III.2. Análisis del caso concreto

De los argumentos expuestos por el accionante a través de su representante sin mandato, denuncia la lesión de su derecho a la libertad de locomoción y a la dignidad; toda vez que, los ahora demandados pese a haberle emitido su alta médica le impidieron abandonar el Hospital Harry Williams, donde se le brindó atención médica, exigiendo previamente la cancelación total de lo adeudado; por lo que, fue retenido ilegalmente.

De los antecedentes se tiene que, el ahora accionante realizó un depósito a cuenta de lo adeudado por Bs. 5 000.-, según el comprobante de depósito de garantía de 2 de febrero de 2022, firmado por Germán Poma y la Cajera Ana Dávila Rocabado del Hospital Harry Willians (Conclusión II.1).

Ahora bien, conforme a lo desglosado en la jurisprudencia citada en el Fundamento Jurídico III.1 del presente fallo constitucional, se establece que si un paciente es dado de alta no puede ser retenido por falta de pago por los gastos hospitalarios y médicos a efectos de garantizar el mismo; puesto que, ello lesiona el derecho a la libertad individual y de locomoción; vulnerando además la dignidad de la persona, ya que con esta medida, se pretende coaccionar al paciente con el objetivo de satisfacer un fin de carácter estrictamente patrimonial, extremo que el Hospital Harry Williams, puede exigir a través de los mecanismos judiciales idóneos y lograr el pago de lo adeudado o en su defecto arribar a un acuerdo conciliatorio, lo que implica que bajo ninguna circunstancia, se debe retener a un paciente por una obligación económica.

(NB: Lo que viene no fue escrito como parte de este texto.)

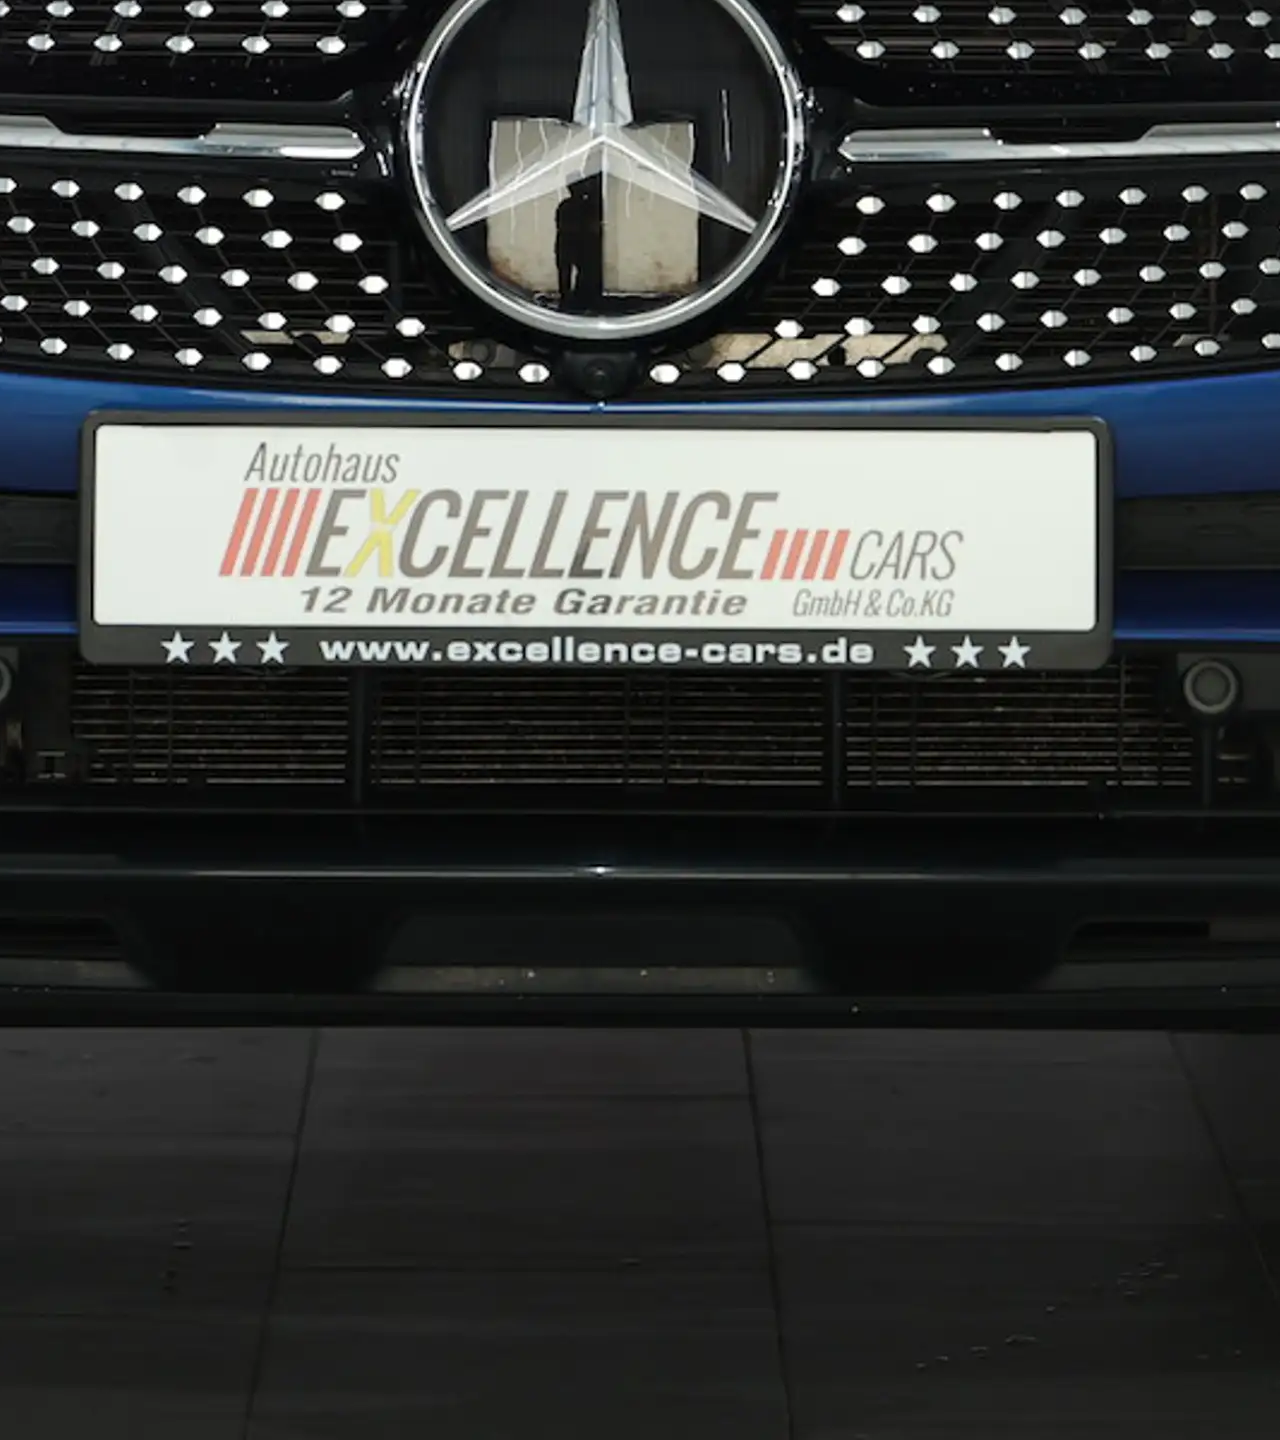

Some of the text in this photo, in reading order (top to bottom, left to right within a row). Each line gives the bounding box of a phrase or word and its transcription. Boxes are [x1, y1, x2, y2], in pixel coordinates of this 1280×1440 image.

[243, 442, 401, 484] Autohaus
[304, 487, 964, 581] EXCELLENCE CARS
[300, 585, 748, 617] 12 Monate Garantie
[319, 636, 875, 664] www.excellence-cars.de
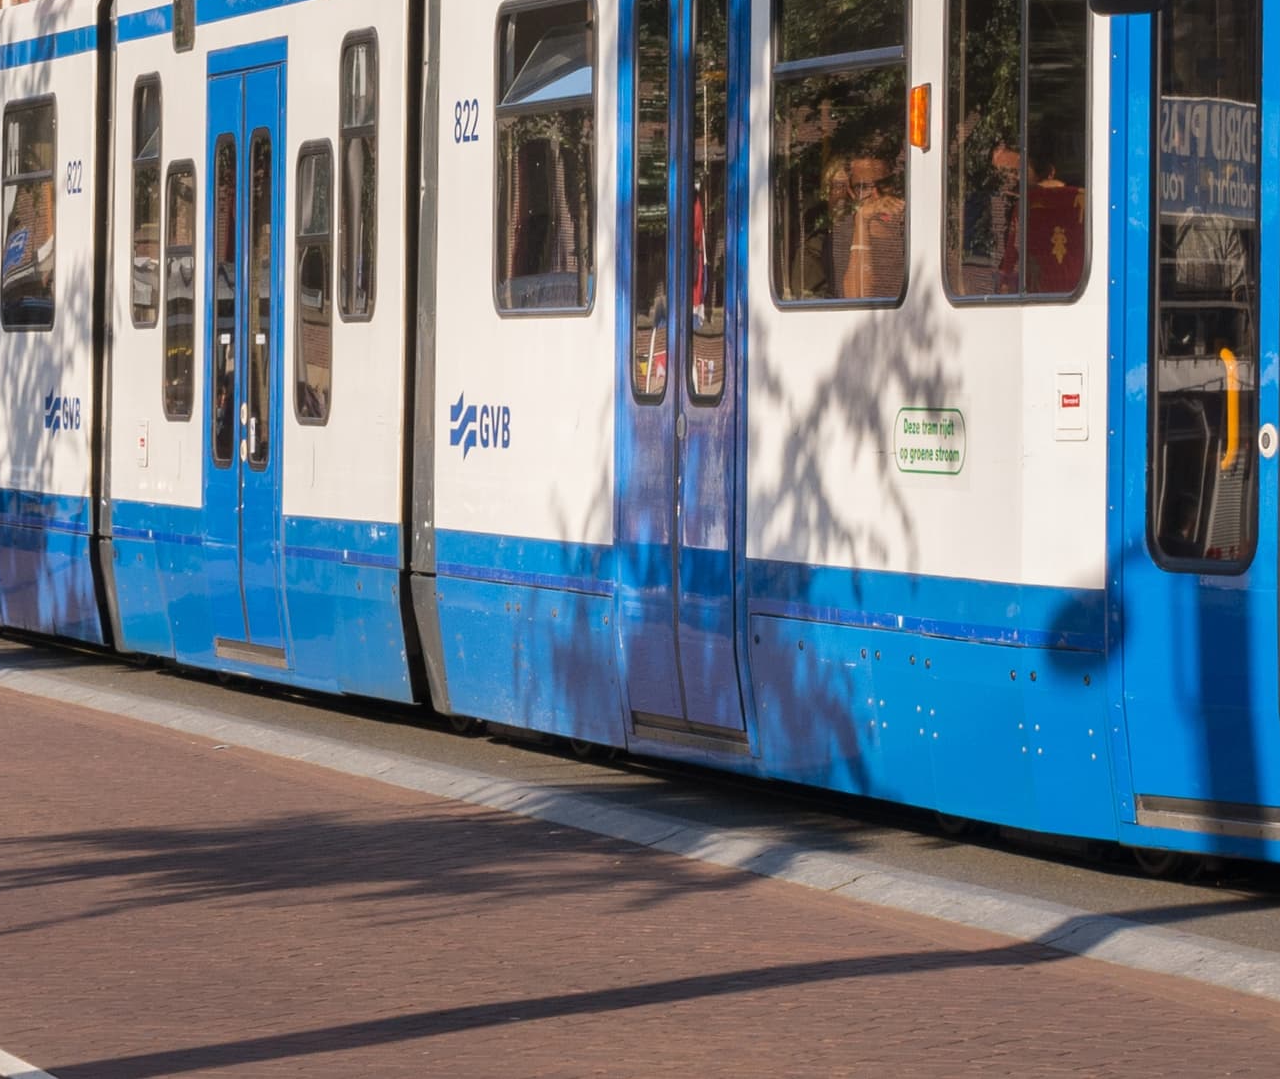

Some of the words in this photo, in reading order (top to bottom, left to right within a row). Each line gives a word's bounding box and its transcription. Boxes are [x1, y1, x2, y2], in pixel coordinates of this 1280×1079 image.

[454, 98, 479, 143] 822
[67, 160, 82, 194] 822
[62, 396, 80, 430] GVB
[480, 404, 510, 449] GVB
[903, 418, 921, 434] Deze
[922, 419, 938, 435] tram
[900, 448, 908, 464] op
[910, 448, 933, 464] groene
[935, 446, 960, 462] stroom

En este contexto y resultando ser evidente la existencia de un acto privativo de libertad de locomoción de Efraín Poma Marca, por parte de los ahora demandados quienes, pese a que existía el alta médica otorgado por el Hospital Harry Williams, lo retuvieron manifestándole que era por el no pago de la totalidad de los gastos por atención médica, se concluye que la retención del impetrante de tutela, obedeció a la pretensión de asegurar el pago de la obligación patrimonial adquirida por los gastos médicos de su atención, situación que se encuentra al margen de lo contemplado en la Constitución Política del Estado; por consiguiente, se tiene por demostrada la lesión del derecho a la libertad de locomoción de Efraín Poma Marca, por parte del Hospital Harry Williams –hoy demandados–, correspondiendo conceder la tutela solicitada; sin que ello signifique desconocer la obligación económica que le compele cumplir a la parte solicitante de tutela, respecto de los gastos hospitalarios, pudiendo el Hospital antes citado, activar los mecanismos idóneos que atañan, a fin de lograr el pago de la deuda.

En consecuencia, el Tribunal de garantías, al conceder la tutela impetrada, obró de manera correcta.